Myofibroblasts, the collagen-producing cells, are not present in healthy livers[68]. In response to toxic liver injury, myofibroblasts are mainly transformed from activated hepatic stellate cells (HSCs)[69]. There are four different stages of HSCs, namely, quiescent, activated (equivalent to collagen type I-producing myofibroblasts), inactivated and senescent[41]. Under physiological conditions, quiescent HSCs stay in the space of Disse and function as the major vitamin A storage site[70]. Simulated by several cytokines (especially transforming growth factor (TGF)-β)[71], quiescent HSCs modulate phenotypes and transform into activated HSCs, and the activated HSCs migrate and secrete ECM to produce a fibrous scar[41]. After removing the initial driver, there is a decrease in the levels of pro-inflammatory cytokines (interleukin-6, interleukin-1β and tumor necrosis factor) and TGF-β, and a rapid decline of the counts of activated HSCs[41]. Activated HSCs can be transformed into inactivated or senescent cells, and stop producing type-I collagen fibers[72]. Later, when fiber degradation by matrix metalloproteinases overwhelms fiber formation, liver fibrosis can be controlled, regressed and even reversed[73].

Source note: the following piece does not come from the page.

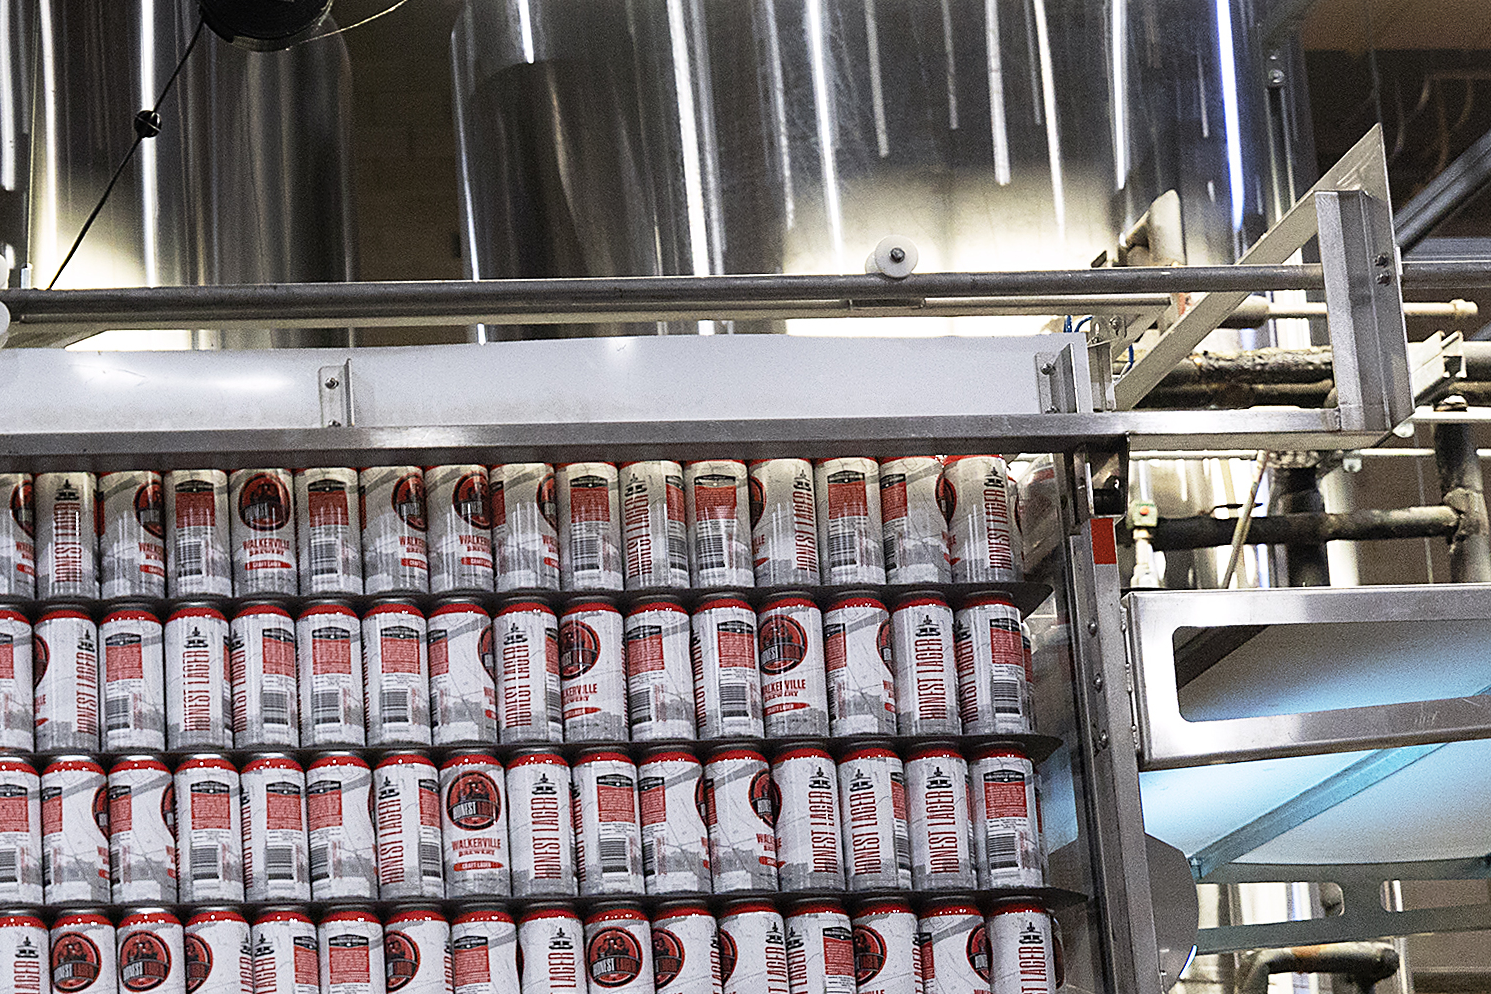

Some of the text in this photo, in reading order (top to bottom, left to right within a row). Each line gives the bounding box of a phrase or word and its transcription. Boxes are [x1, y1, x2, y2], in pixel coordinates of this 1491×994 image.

In conclusion, increased microbe and endotoxin loads in the portal vein cause PRR activation on immune cells, especially on macrophages, which leads to the activation of quiescent HSCs into activated HSCs[44,66]. Later, activated HSCs proliferate in response to various cytokines, secrete type-I collagen fiber and make liver fibrotic[41]. Upon cessation of underlying injury, myofibroblasts undergo inactivation or apoptosis, and fibrosis can be discontinued or reversed[41] (Figure 1D). This is the mechanism of effective treatment to control and regress liver fibrosis.
As mentioned above, gut microbiota alterations may drive immune-related inflammation and fibrosis in the liver. Due to the accumulation of collagen fiber, liver stiffness is increased, bloodstream transport is blocked, healthy liver parenchyma is replaced and liver biotransformation and detoxification abilities are weakened[74]. As the disease progresses into the decompensation stage, patients may experience deadly complications, such as portal hypertension, spontaneous bacterial peritonitis (SBP) and HE. The relationship among gut microbiota alteration, liver fibrosis and portal hypertension is similar to the question of the chicken and the egg, as they drive and affect each other[75]. Compared with compensated cirrhosis, gut microbiota composition is characterized by an increase in the abundance of potentially pathogenic bacteria in the decompensation stage, especially Alcaligenaceae, Porphyromonadaceae, Veillonellaceae and Enterobacteriaceae[76].
SBP refers to the infection of ascites without an apparent intra-abdominal focus[77]. It is a severe infection and is often fatal in patients with cirrhosis and ascites[78]. The pathogen of SBP in liver cirrhosis patients is mainly from the intestinal tract.
More than two decades ago, DNA fragments of 30 bacterial isolated from ascites, mesenteric lymph nodes, portal blood, and ileal flora were compared[79]. The same bacterial strain was simultaneously isolated in ascites and in mesenteric lymph nodes and/or the ileum in 7/8 (87%) instances[79]. Intraperitoneal LPS increased TLR4 (Toll-like receptor 4, the canonical PRR for LPS) expression and amplified portal hypertension in rat liver fibrosis[80].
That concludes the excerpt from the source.